### [Work task]
Please reproduce the entries that follow, keeping each word intact.

Excerpts from a dataset
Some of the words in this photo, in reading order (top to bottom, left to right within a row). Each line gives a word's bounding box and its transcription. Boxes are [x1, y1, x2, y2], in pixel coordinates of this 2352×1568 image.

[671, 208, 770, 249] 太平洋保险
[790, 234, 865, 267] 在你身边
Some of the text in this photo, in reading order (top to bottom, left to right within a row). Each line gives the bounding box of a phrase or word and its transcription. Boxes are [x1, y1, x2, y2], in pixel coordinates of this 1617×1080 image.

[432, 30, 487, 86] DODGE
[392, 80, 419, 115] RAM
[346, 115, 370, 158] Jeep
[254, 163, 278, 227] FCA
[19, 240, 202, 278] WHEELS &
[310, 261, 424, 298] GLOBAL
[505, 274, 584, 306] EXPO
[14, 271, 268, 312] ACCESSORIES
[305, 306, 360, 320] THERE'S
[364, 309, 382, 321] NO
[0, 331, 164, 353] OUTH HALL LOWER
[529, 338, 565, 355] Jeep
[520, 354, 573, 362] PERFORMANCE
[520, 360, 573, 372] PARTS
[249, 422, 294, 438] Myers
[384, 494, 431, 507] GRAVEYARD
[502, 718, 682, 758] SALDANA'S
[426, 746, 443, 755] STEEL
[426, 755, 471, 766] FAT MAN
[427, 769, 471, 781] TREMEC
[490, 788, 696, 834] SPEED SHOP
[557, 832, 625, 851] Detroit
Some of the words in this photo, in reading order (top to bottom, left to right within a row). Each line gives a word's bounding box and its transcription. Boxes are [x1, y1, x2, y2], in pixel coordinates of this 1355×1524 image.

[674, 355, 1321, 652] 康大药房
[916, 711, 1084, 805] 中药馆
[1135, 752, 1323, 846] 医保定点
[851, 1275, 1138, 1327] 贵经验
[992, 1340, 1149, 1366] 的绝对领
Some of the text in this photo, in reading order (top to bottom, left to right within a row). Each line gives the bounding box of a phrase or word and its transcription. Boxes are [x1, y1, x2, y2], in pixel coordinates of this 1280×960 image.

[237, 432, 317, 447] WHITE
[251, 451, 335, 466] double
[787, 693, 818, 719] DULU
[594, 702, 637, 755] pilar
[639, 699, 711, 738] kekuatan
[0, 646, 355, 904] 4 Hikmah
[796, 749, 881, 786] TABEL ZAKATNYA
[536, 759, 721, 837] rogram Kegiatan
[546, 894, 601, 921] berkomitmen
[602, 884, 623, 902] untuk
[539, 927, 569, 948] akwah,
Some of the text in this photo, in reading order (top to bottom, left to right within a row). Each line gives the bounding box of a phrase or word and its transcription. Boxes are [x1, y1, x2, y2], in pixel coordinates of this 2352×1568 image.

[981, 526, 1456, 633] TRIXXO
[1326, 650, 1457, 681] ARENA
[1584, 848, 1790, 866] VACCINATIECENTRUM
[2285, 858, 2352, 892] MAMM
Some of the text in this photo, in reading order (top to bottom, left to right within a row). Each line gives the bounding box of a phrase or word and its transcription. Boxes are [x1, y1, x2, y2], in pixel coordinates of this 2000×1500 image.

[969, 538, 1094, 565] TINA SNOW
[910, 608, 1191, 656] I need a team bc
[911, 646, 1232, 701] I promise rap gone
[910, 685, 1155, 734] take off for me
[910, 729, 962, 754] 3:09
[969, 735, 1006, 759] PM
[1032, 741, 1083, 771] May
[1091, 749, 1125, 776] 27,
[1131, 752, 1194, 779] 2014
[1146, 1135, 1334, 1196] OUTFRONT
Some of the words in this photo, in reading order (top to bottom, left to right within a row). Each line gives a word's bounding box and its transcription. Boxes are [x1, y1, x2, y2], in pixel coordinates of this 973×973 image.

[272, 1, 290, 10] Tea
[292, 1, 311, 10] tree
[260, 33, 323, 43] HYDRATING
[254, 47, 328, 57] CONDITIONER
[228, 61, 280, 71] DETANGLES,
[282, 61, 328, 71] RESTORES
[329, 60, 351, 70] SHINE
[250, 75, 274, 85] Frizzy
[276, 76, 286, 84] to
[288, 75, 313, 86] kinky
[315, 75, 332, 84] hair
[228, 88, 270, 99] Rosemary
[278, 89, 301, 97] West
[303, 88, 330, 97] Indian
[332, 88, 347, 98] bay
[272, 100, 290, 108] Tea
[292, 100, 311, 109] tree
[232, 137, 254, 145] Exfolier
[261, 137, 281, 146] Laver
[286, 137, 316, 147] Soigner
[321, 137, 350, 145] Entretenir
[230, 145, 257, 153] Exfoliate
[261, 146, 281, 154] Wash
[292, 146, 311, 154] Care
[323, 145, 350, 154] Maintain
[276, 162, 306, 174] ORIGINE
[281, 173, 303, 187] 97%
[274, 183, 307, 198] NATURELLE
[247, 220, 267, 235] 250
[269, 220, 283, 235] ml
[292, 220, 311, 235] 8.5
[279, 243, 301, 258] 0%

### [Problem solution]
Some of the words in this photo, in reading order (top to bottom, left to right within a row). Each line gives a word's bounding box and its transcription. Boxes are [x1, y1, x2, y2], in pixel coordinates of this 2352×1568 image.

[671, 208, 770, 249] 太平洋保险
[790, 234, 865, 267] 在你身边
Some of the text in this photo, in reading order (top to bottom, left to right within a row). Each line gives the bounding box of a phrase or word and its transcription. Boxes are [x1, y1, x2, y2], in pixel coordinates of this 1617×1080 image.

[432, 30, 487, 86] DODGE
[392, 80, 419, 115] RAM
[346, 115, 370, 158] Jeep
[254, 163, 278, 227] FCA
[19, 240, 202, 278] WHEELS &
[310, 261, 424, 298] GLOBAL
[505, 274, 584, 306] EXPO
[14, 271, 268, 312] ACCESSORIES
[305, 306, 360, 320] THERE'S
[364, 309, 382, 321] NO
[0, 331, 164, 353] OUTH HALL LOWER
[529, 338, 565, 355] Jeep
[520, 354, 573, 362] PERFORMANCE
[520, 360, 573, 372] PARTS
[249, 422, 294, 438] Myers
[384, 494, 431, 507] GRAVEYARD
[502, 718, 682, 758] SALDANA'S
[426, 746, 443, 755] STEEL
[426, 755, 471, 766] FAT MAN
[427, 769, 471, 781] TREMEC
[490, 788, 696, 834] SPEED SHOP
[557, 832, 625, 851] Detroit
Some of the words in this photo, in reading order (top to bottom, left to right within a row). Each line gives a word's bounding box and its transcription. Boxes are [x1, y1, x2, y2], in pixel coordinates of this 1355×1524 image.

[674, 355, 1321, 652] 康大药房
[916, 711, 1084, 805] 中药馆
[1135, 752, 1323, 846] 医保定点
[851, 1275, 1138, 1327] 贵经验
[992, 1340, 1149, 1366] 的绝对领
Some of the text in this photo, in reading order (top to bottom, left to right within a row). Each line gives the bounding box of a phrase or word and its transcription. Boxes are [x1, y1, x2, y2], in pixel coordinates of this 1280×960 image.

[237, 432, 317, 447] WHITE
[251, 451, 335, 466] double
[787, 693, 818, 719] DULU
[594, 702, 637, 755] pilar
[639, 699, 711, 738] kekuatan
[0, 646, 355, 904] 4 Hikmah
[796, 749, 881, 786] TABEL ZAKATNYA
[536, 759, 721, 837] rogram Kegiatan
[546, 894, 601, 921] berkomitmen
[602, 884, 623, 902] untuk
[539, 927, 569, 948] akwah,
Some of the text in this photo, in reading order (top to bottom, left to right within a row). Each line gives the bounding box of a phrase or word and its transcription. Boxes are [x1, y1, x2, y2], in pixel coordinates of this 2352×1568 image.

[981, 526, 1456, 633] TRIXXO
[1326, 650, 1457, 681] ARENA
[1584, 848, 1790, 866] VACCINATIECENTRUM
[2285, 858, 2352, 892] MAMM
Some of the text in this photo, in reading order (top to bottom, left to right within a row). Each line gives the bounding box of a phrase or word and its transcription. Boxes are [x1, y1, x2, y2], in pixel coordinates of this 2000×1500 image.

[969, 538, 1094, 565] TINA SNOW
[910, 608, 1191, 656] I need a team bc
[911, 646, 1232, 701] I promise rap gone
[910, 685, 1155, 734] take off for me
[910, 729, 962, 754] 3:09
[969, 735, 1006, 759] PM
[1032, 741, 1083, 771] May
[1091, 749, 1125, 776] 27,
[1131, 752, 1194, 779] 2014
[1146, 1135, 1334, 1196] OUTFRONT
Some of the words in this photo, in reading order (top to bottom, left to right within a row). Each line gives a word's bounding box and its transcription. Boxes are [x1, y1, x2, y2], in pixel coordinates of this 973×973 image.

[272, 1, 290, 10] Tea
[292, 1, 311, 10] tree
[260, 33, 323, 43] HYDRATING
[254, 47, 328, 57] CONDITIONER
[228, 61, 280, 71] DETANGLES,
[282, 61, 328, 71] RESTORES
[329, 60, 351, 70] SHINE
[250, 75, 274, 85] Frizzy
[276, 76, 286, 84] to
[288, 75, 313, 86] kinky
[315, 75, 332, 84] hair
[228, 88, 270, 99] Rosemary
[278, 89, 301, 97] West
[303, 88, 330, 97] Indian
[332, 88, 347, 98] bay
[272, 100, 290, 108] Tea
[292, 100, 311, 109] tree
[232, 137, 254, 145] Exfolier
[261, 137, 281, 146] Laver
[286, 137, 316, 147] Soigner
[321, 137, 350, 145] Entretenir
[230, 145, 257, 153] Exfoliate
[261, 146, 281, 154] Wash
[292, 146, 311, 154] Care
[323, 145, 350, 154] Maintain
[276, 162, 306, 174] ORIGINE
[281, 173, 303, 187] 97%
[274, 183, 307, 198] NATURELLE
[247, 220, 267, 235] 250
[269, 220, 283, 235] ml
[292, 220, 311, 235] 8.5
[279, 243, 301, 258] 0%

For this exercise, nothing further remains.